We then performed flow cytometry for quantitative measurement using CD166, a marker associated with high‐quality CECs. By removing undifferentiated cells from the iPSC–CEC population, we achieved a high level of cell purity with 98% of CD166‐positive cells at Day 21. In contrast, the no‐wash‐out group showed relatively lower percentages of CD166‐positive cells over time (Figure 4C). Additional flow‐cytometry data using ATP1A1 demonstrated the wash‐out‐mediated improvement in CEC purity (88.1 vs. 80.9%, wash‐out vs. no‐wash‐out) (Figure S5). To further validate the impact of the wash‐out method on CEC purity and quality, ICC was performed to assess marker expression together with cellular morphology (Figures S6 and S7). Across all examined markers—CD166, ATP1A1, ZO‐1, SLC4A11, PITX2, and N‐CADHERIN—the wash‐out group consistently exhibited higher CEC purity and superior overall quality compared with the no‐wash‐out group.

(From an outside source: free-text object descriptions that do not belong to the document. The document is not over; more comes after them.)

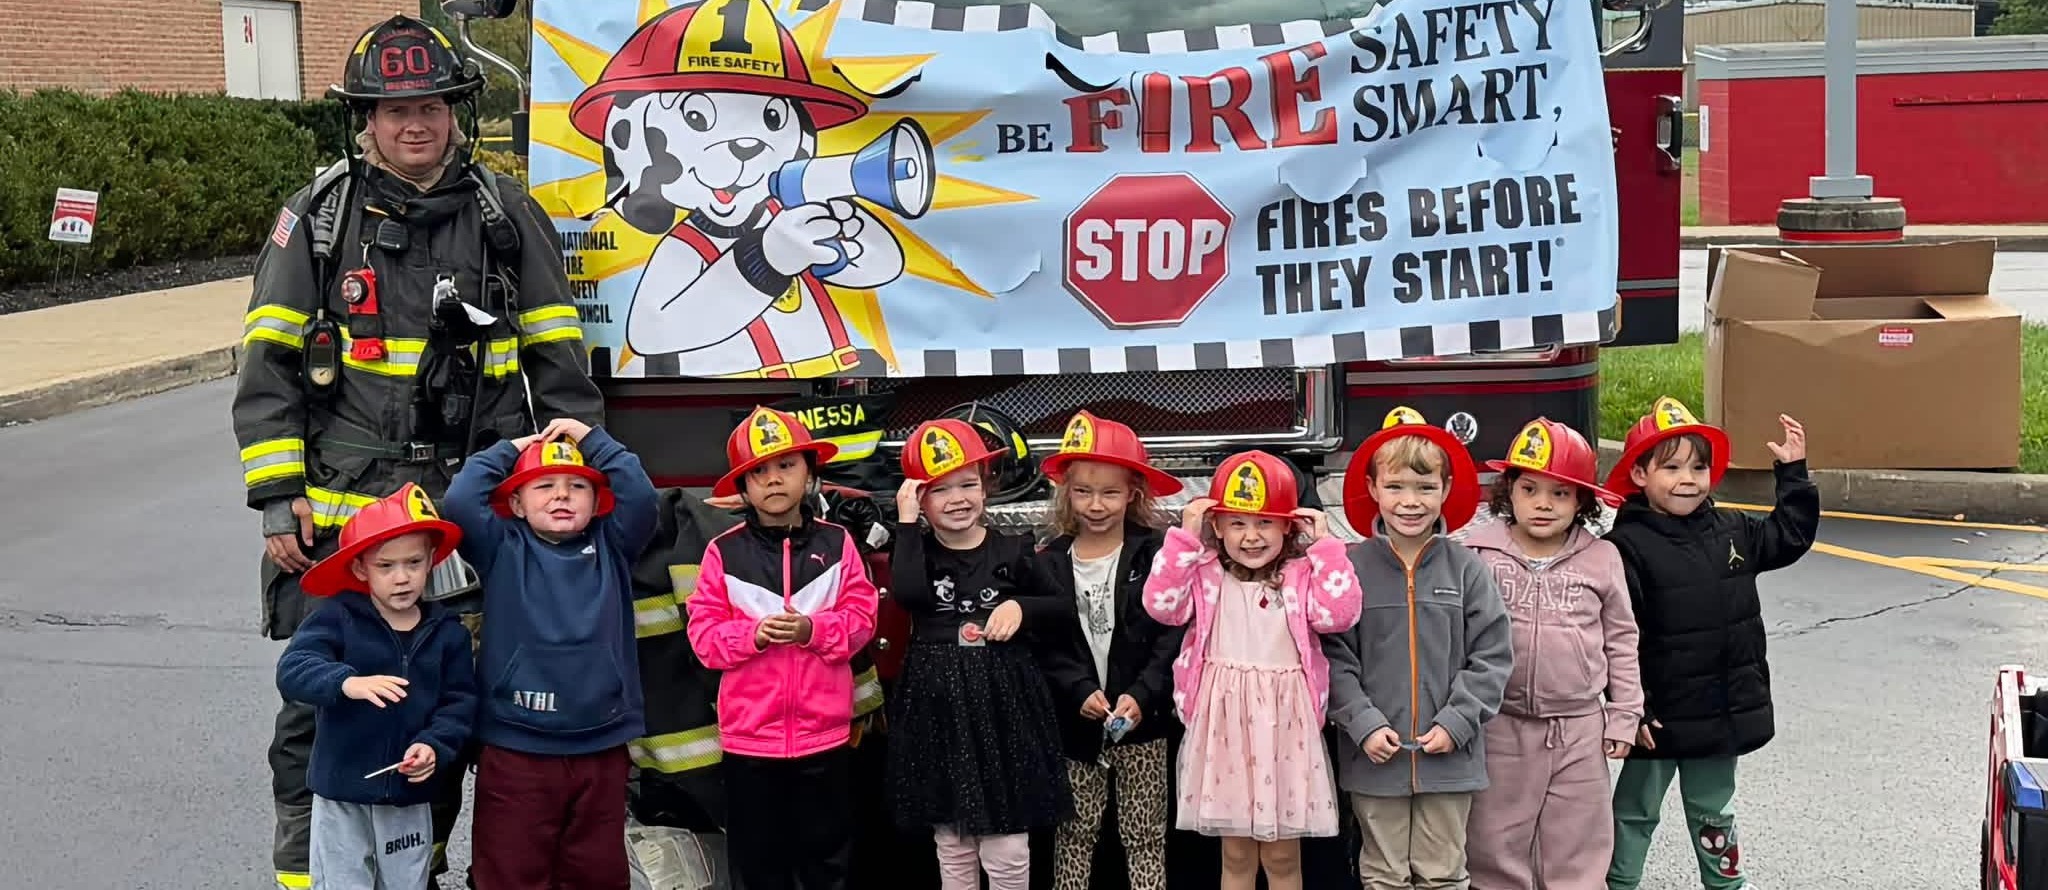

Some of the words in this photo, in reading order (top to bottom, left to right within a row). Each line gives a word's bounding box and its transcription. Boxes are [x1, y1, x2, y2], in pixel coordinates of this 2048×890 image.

[709, 0, 752, 53] 1
[1350, 0, 1552, 73] SAFETY
[381, 46, 430, 76] 60
[688, 56, 720, 68] FIRE
[724, 57, 780, 73] SAFETY
[997, 124, 1053, 153] BE
[1062, 41, 1338, 153] FIRE
[1353, 62, 1561, 142] SMART,
[1257, 191, 1388, 251] FIRES
[1408, 173, 1582, 238] BEFORE
[566, 256, 584, 274] IRE
[1076, 219, 1226, 281] STOP
[570, 280, 599, 299] AFETY
[1256, 256, 1372, 315] THEY
[1392, 240, 1553, 303] START!
[579, 304, 613, 323] UNCIL
[788, 404, 865, 430] NESSA
[1492, 561, 1584, 611] GAP
[385, 832, 425, 855] BRUH.
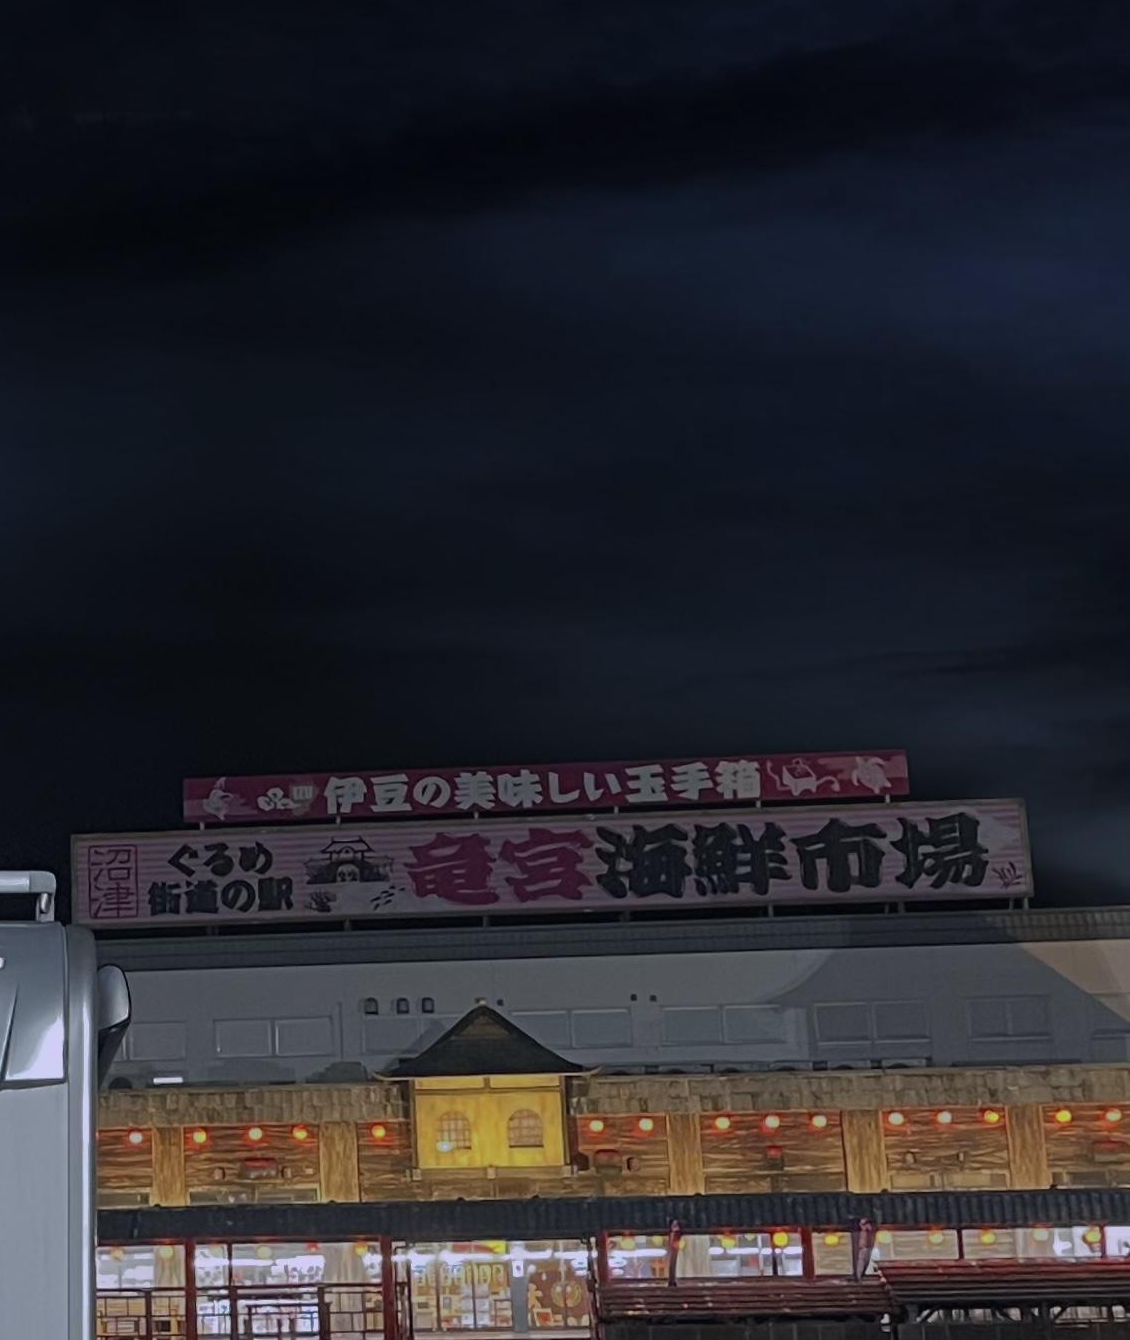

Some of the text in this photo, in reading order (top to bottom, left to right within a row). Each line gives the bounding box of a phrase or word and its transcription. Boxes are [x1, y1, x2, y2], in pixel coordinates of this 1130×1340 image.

[324, 759, 761, 814] 伊豆の美味しい玉手箱
[91, 847, 135, 918] 沼津
[168, 841, 273, 877] ぐるめ
[147, 876, 294, 916] 街道の駅
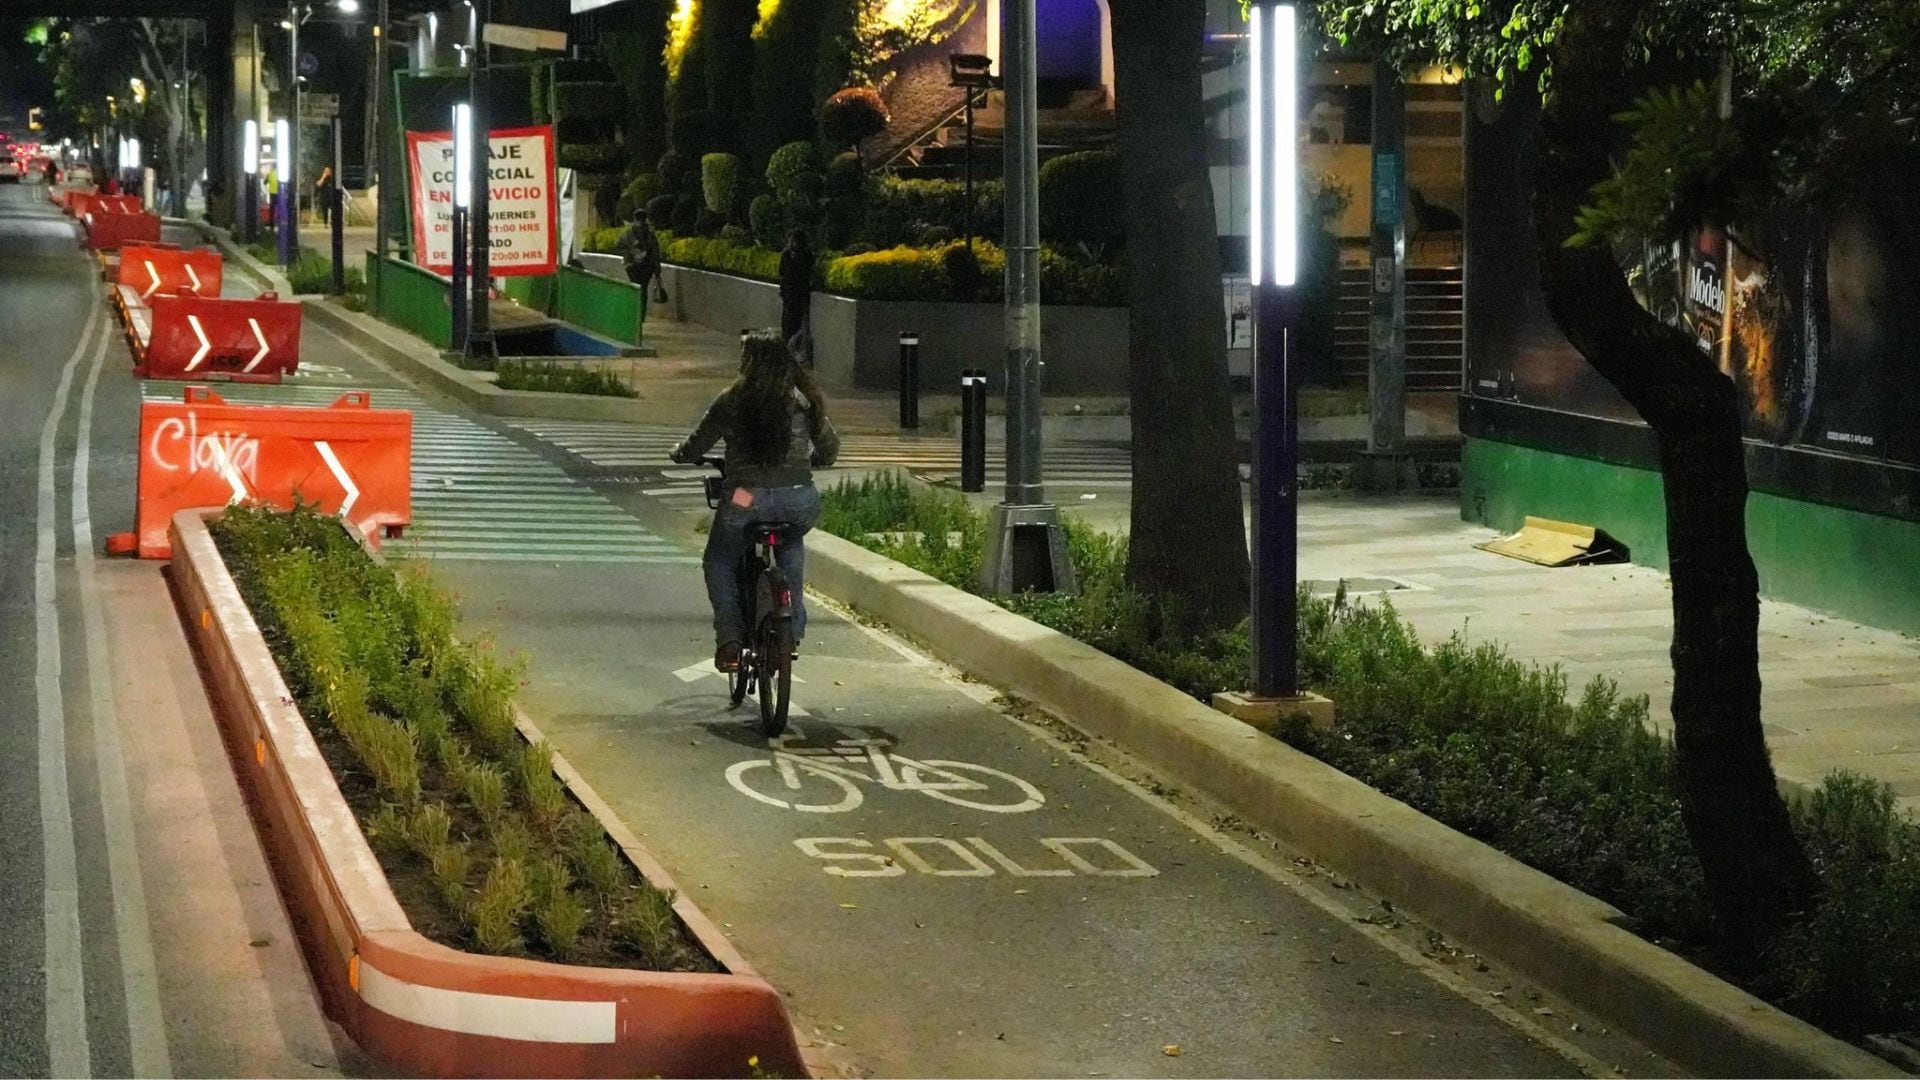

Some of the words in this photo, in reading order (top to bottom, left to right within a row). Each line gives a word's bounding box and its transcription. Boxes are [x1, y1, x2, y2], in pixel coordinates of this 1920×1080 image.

[442, 145, 522, 161] PAJE
[429, 190, 451, 203] EN
[434, 223, 449, 232] DE
[519, 222, 540, 231] HRS
[432, 250, 447, 260] DE
[491, 251, 520, 261] 20:00
[1690, 266, 1725, 314] Modelo
[793, 836, 1161, 878] SOLO
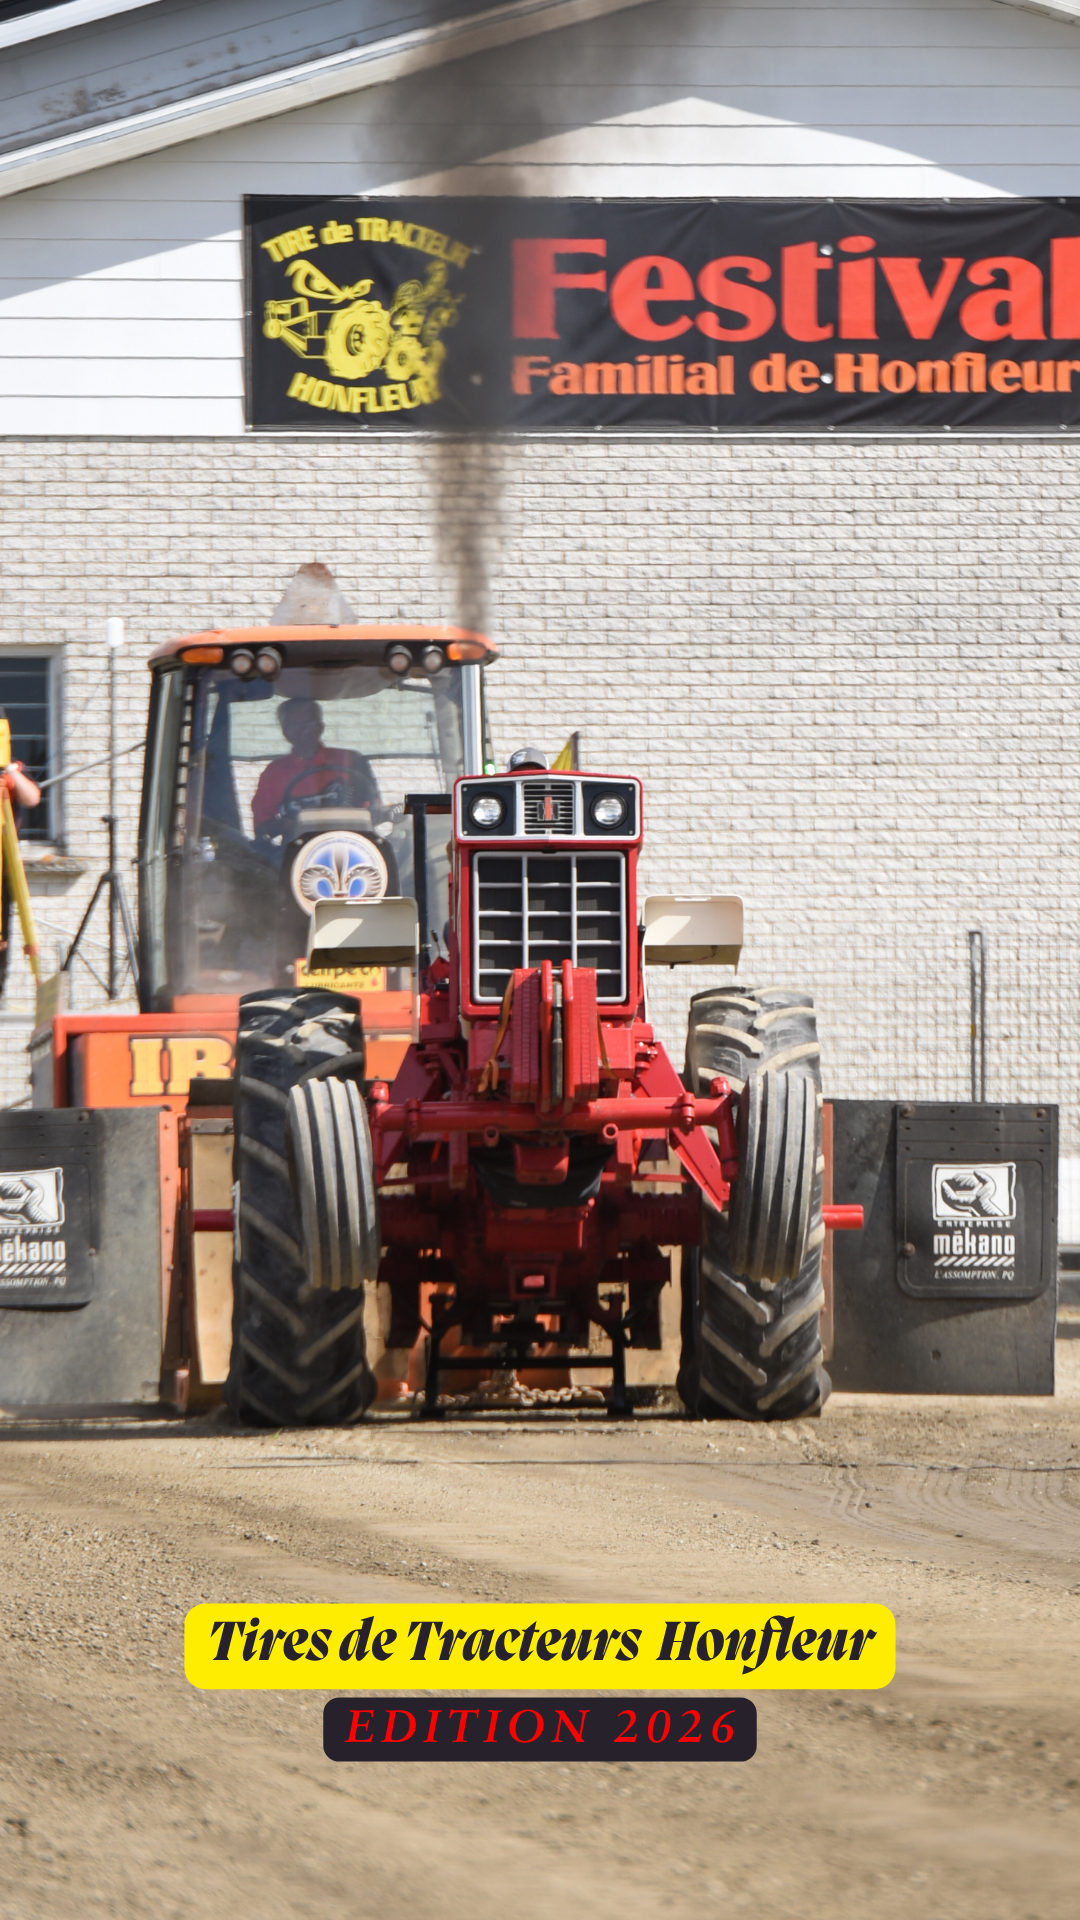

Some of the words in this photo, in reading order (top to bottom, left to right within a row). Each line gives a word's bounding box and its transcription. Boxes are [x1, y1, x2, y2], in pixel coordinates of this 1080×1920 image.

[261, 226, 318, 262] TIRE
[320, 221, 354, 244] de
[356, 217, 471, 269] TRACTEUR
[512, 235, 1080, 342] Festival
[286, 372, 443, 413] HONFLEUR
[512, 354, 735, 395] Familial
[750, 353, 820, 393] de
[834, 351, 1080, 393] Honfleur
[937, 1220, 1011, 1229] ENTREPRISE
[1002, 1269, 1015, 1281] PQ

The gene expression levels of iPSC markers (OCT4, NANOG, PODXL) were significantly reduced to nearly undetectable levels in the wash‐out group after D14. Additionally, CDH2 expression was found to be significantly higher in the wash‐out group at D21 (Figure 4D). These findings confirm that the wash‐out method is a safe, straightforward, and highly effective approach for removing undifferentiated stem cells and improving CEC purity during differentiation.
Therapeutic Efficacy of iPSC–CEC Transplantation
2.5
We developed an animal model of CED by stripping off DM along with the endothelium or by scraping off the endothelial cells. iPSC–CECs were then injected into the anterior chamber (AC) of these models, and ocular observations were conducted from 1–48 weeks posttransplantation (PT). Anterior segment optical coherence tomography (AS‐OCT) was performed to accurately assess changes in the corneal structure and thickness. We observed that CEC transplantation resulted in noticeable recovery over time for all transplant groups examined (Figure 5).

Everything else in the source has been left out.